田辺城 所在地 和歌山県田辺市
田辺市役所西400m会津川河口
区分 平城・水城
最終訪問日 2003/4/27
唯一残る埋門の石垣 紀伊田辺城や錦水城とも呼ばれ、その名から分かるように川と海に面した水城。
 関ヶ原の合戦後、慶長5年(1600)に浅野幸長が和歌山城に入部し、田辺には浅野氏重を配した。
 氏重は、左衛門佐という官職で呼ばれることが多く、氏定や知近、良重という名前もある浅野家の重臣で、田辺では慶長11年(1606)に対岸の洲崎城から会津川河口に新たに築城して移り、同時に城下町の整備を行った。この頃、城は湊城と呼ばれ、後の一国一城令で城は廃されたものの、現在の田辺市街はこの時の城下町を下敷きとして発展することになる。
 元和5年(1619)、福島正則が安芸を没収されたことによって和歌山の浅野氏が広島に移り、代わって徳川頼宣が和歌山に入部した。この時、田辺には付家老であった安藤直次が3万8千石余で封じられ、廃城となっていた湊城を修築すると共に拡張し、現在の田辺城を築いた。だが、安藤氏は付家老である為に、そのほとんどを和歌山城で過ごし、城は家臣の安藤小兵衛が代々城代を務めて預かったという。また、維新後に紀伊田辺として正式に立藩したが、すぐに廃藩置県となり、明治3年に廃城となった。

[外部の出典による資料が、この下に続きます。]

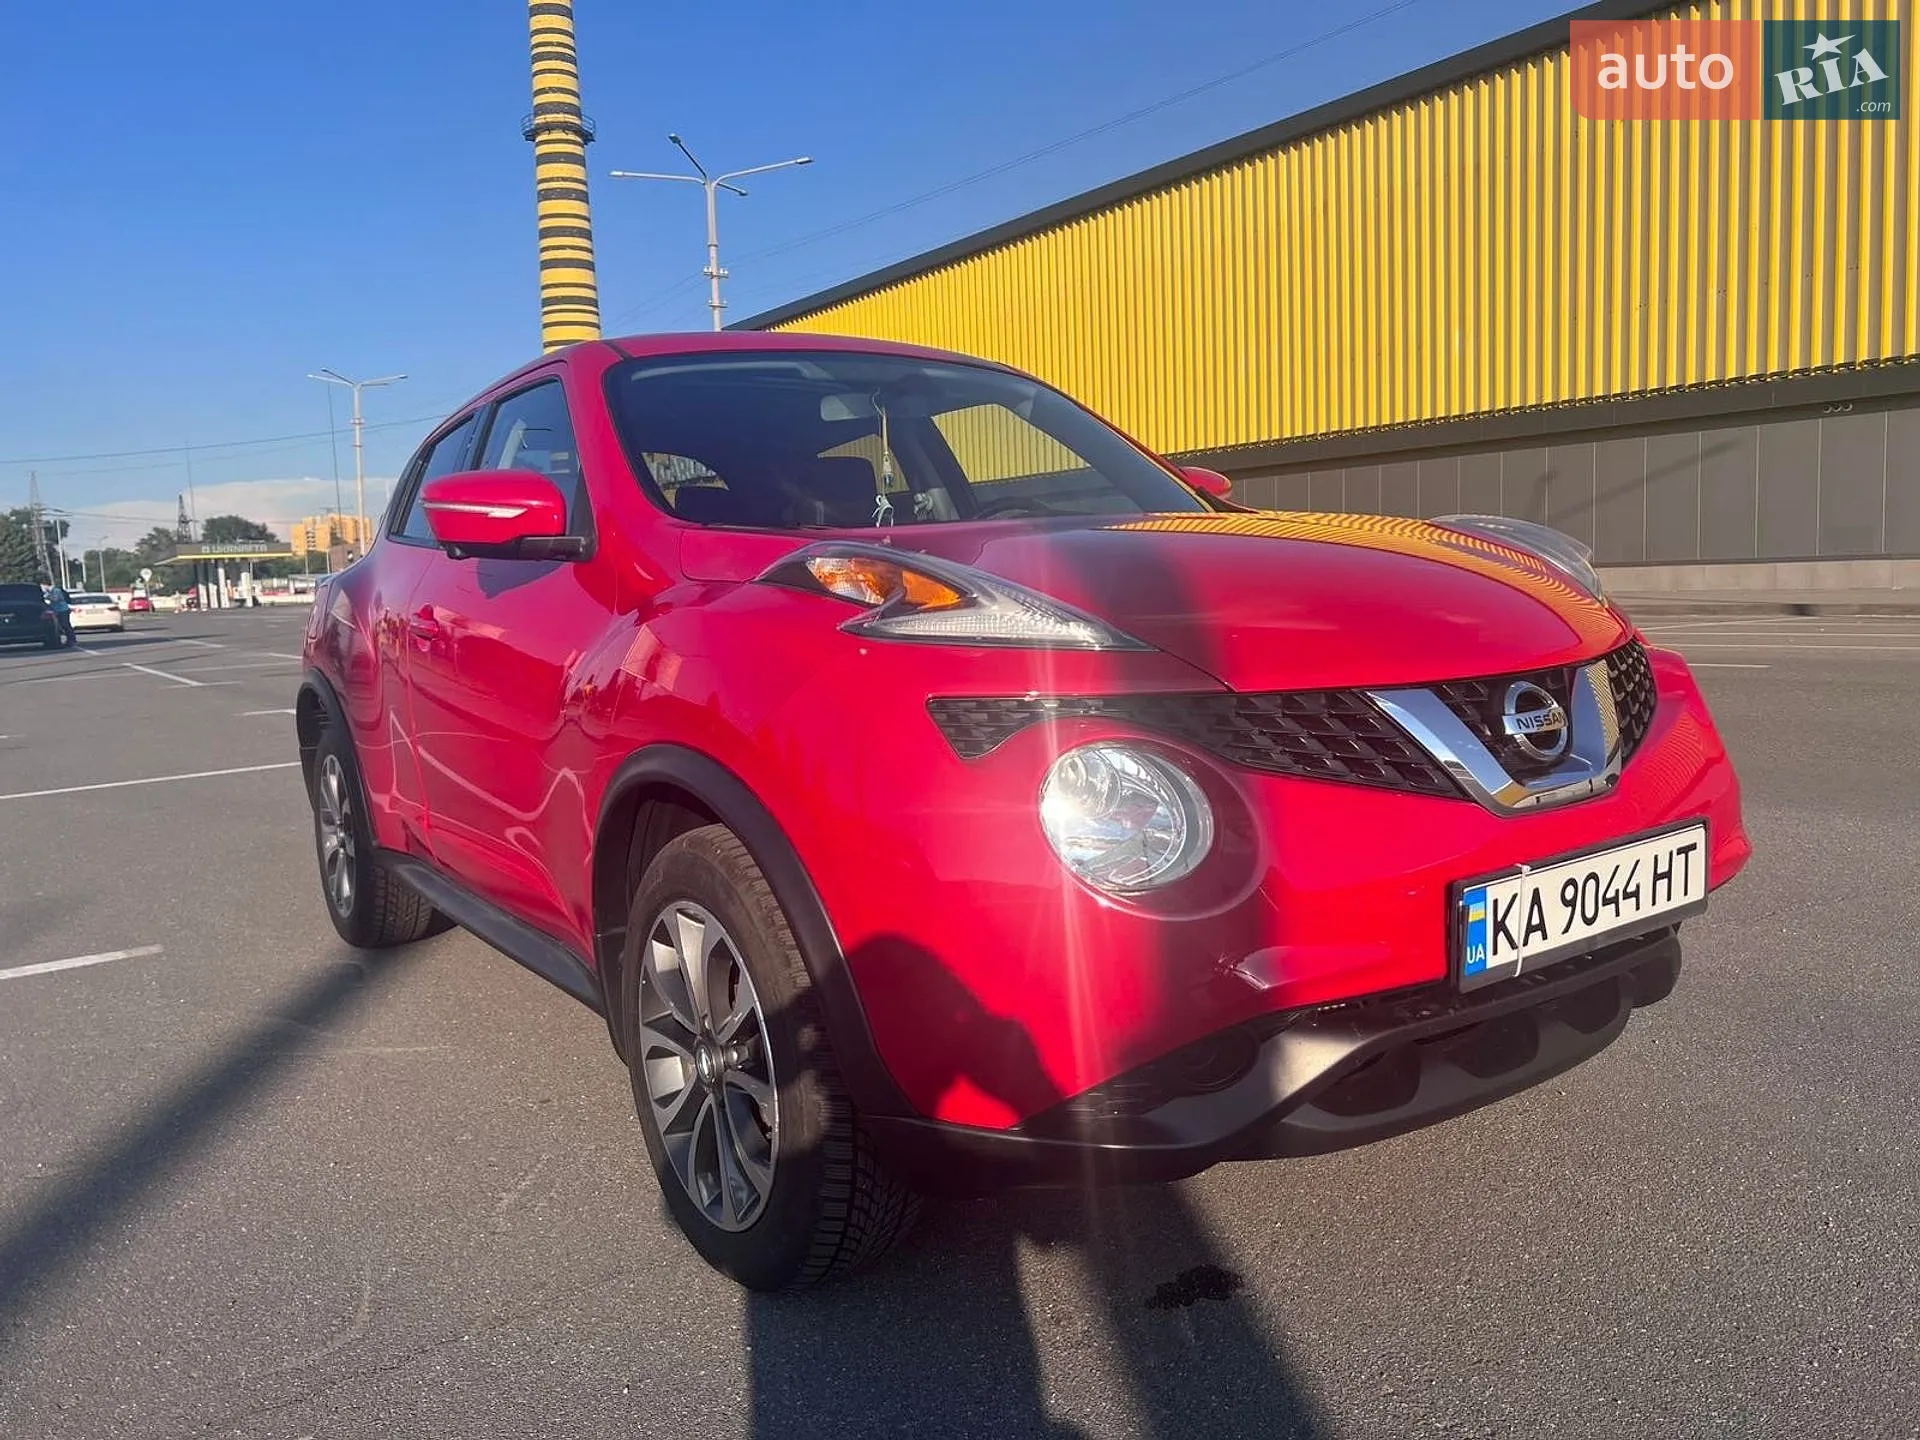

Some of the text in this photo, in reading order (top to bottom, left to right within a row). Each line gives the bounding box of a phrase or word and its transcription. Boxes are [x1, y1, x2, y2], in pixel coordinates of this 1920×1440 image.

[1491, 842, 1697, 956] KA 9044 HT
[1467, 944, 1485, 964] UA

 城自体は、公的には館と称していたほどのもので、規模は大きくない。会津川を天然の堀とし、南を海に守られた平城で、北と東にも堀を穿ってはいるが、居館形式で政庁機能を重視した城の為、防御力はほとんどなかったと思われる。
 現在唯一の遺構として、船で直接城に入れるように会津川と繋がっていた埋門が残っており、錦水城の名の通り、白壁が川面に反射して美しかったであろう往時を偲ぶことができる。